Images for object localization
= = = =

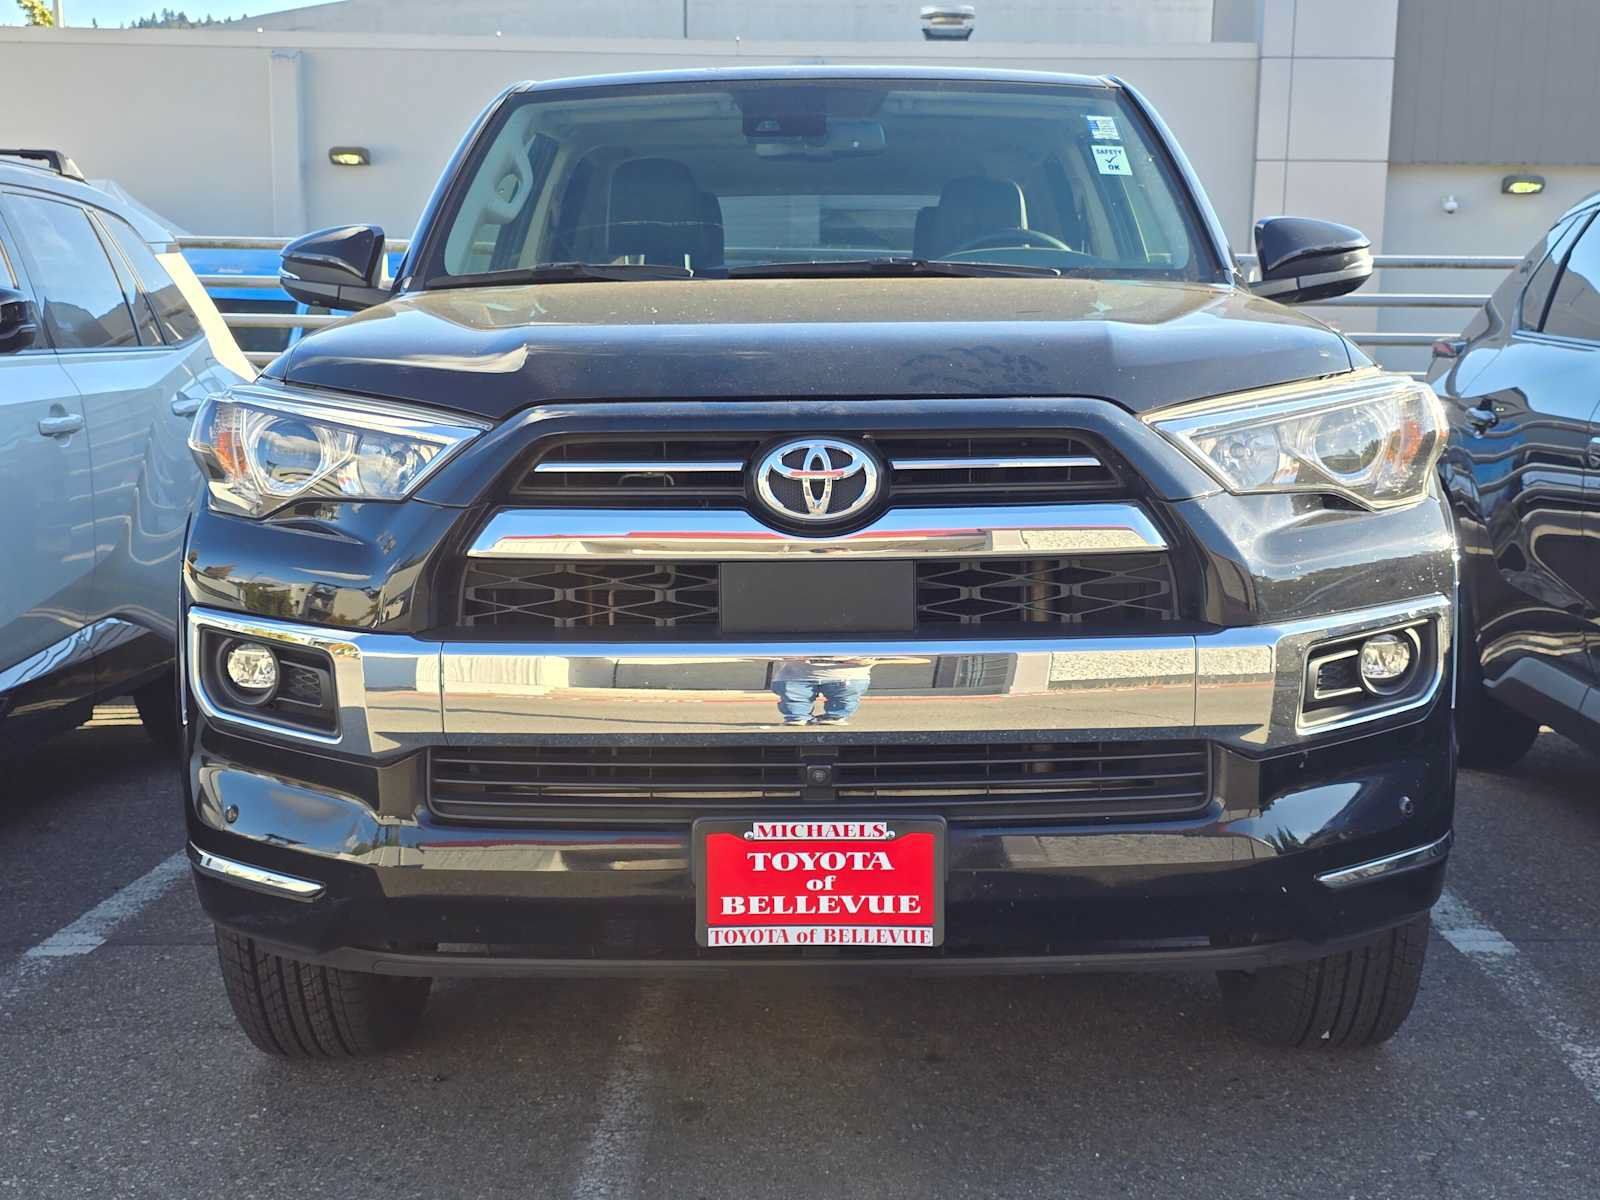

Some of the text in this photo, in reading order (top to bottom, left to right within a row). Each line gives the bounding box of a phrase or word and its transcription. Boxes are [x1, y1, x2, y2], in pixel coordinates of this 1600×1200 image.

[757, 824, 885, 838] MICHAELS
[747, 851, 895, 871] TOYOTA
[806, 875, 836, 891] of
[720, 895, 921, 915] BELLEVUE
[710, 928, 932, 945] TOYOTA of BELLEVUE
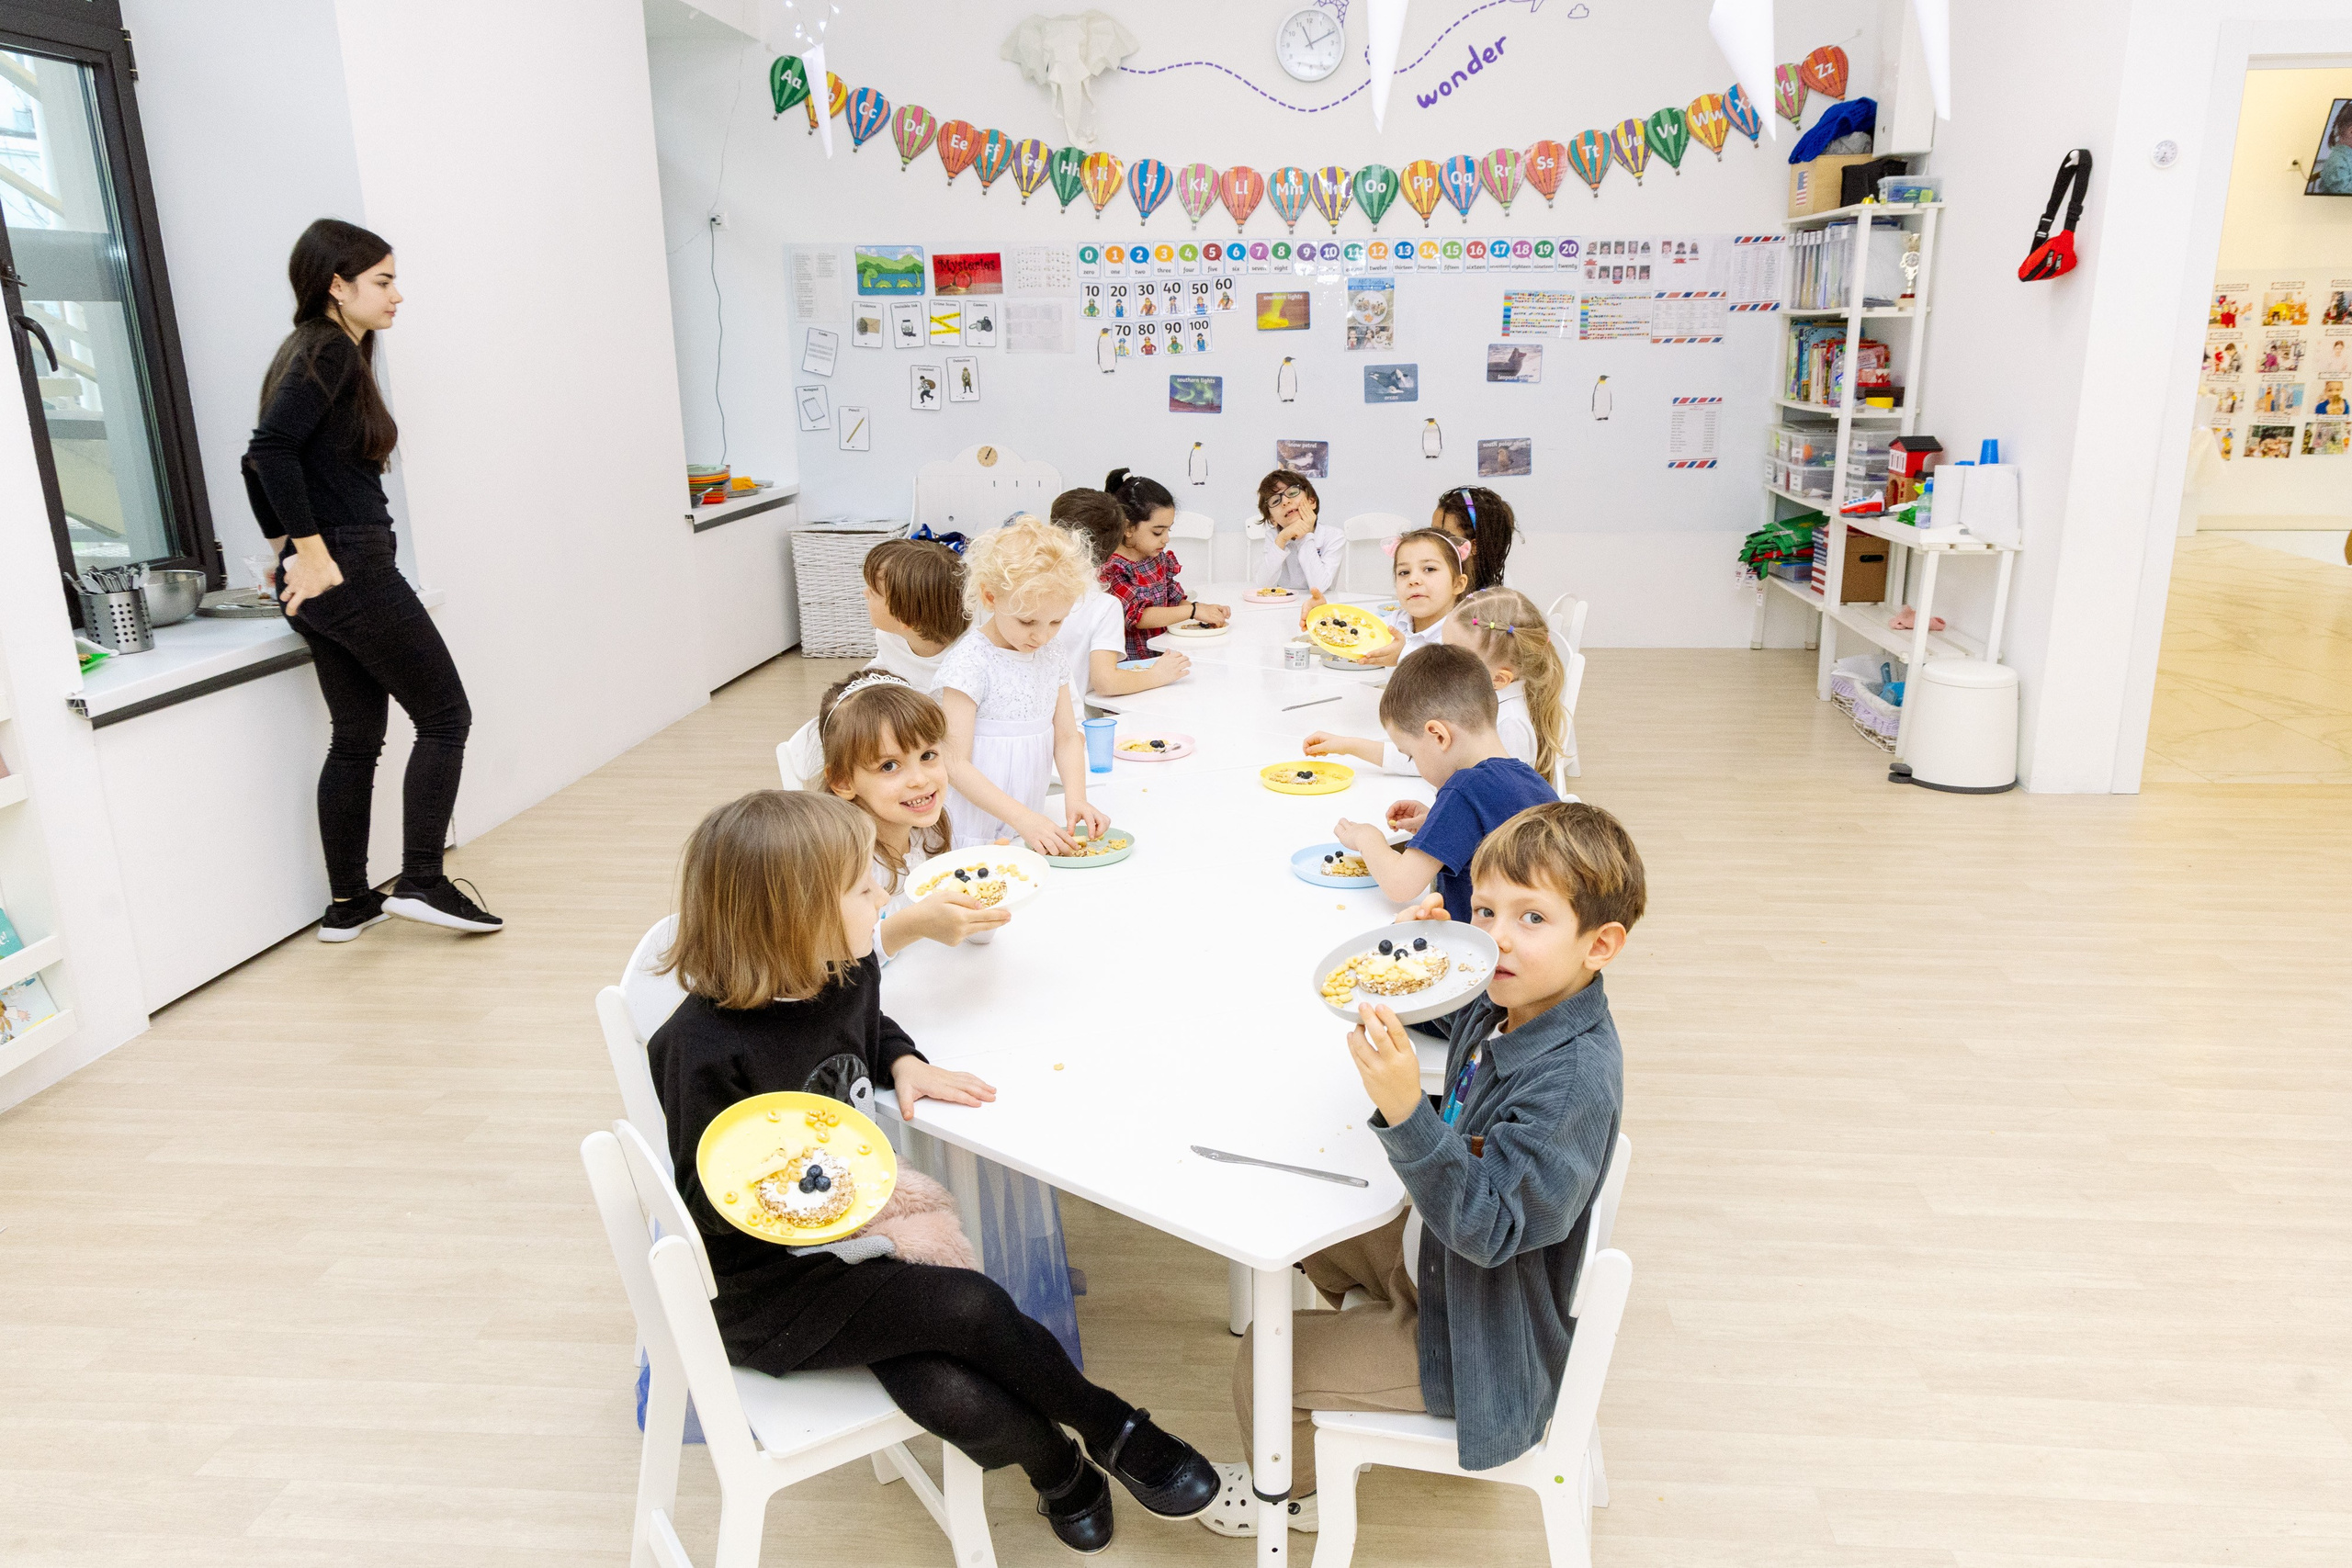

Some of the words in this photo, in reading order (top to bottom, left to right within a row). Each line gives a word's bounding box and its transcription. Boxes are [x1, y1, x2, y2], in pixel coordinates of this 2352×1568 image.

= = = =

» **Task instructions**
Could you repeat all of the entries exactly, without any of the images?

» **Solved exercise**
Some of the text in this photo, in reading order (top to bottom, left to right within a row). Each line gives the bounding box of a phrase or word and its transcription. Boxes are [x1, y1, x2, y2], in pixel coordinates of this 1600×1200 image.

[757, 824, 885, 838] MICHAELS
[747, 851, 895, 871] TOYOTA
[806, 875, 836, 891] of
[720, 895, 921, 915] BELLEVUE
[710, 928, 932, 945] TOYOTA of BELLEVUE

Some of the words in this photo, in reading order (top to bottom, left to right within a row). Each line gives a word's bounding box and its transcription. Boxes are [x1, y1, x2, y2], in pixel coordinates of this 2352×1568 image.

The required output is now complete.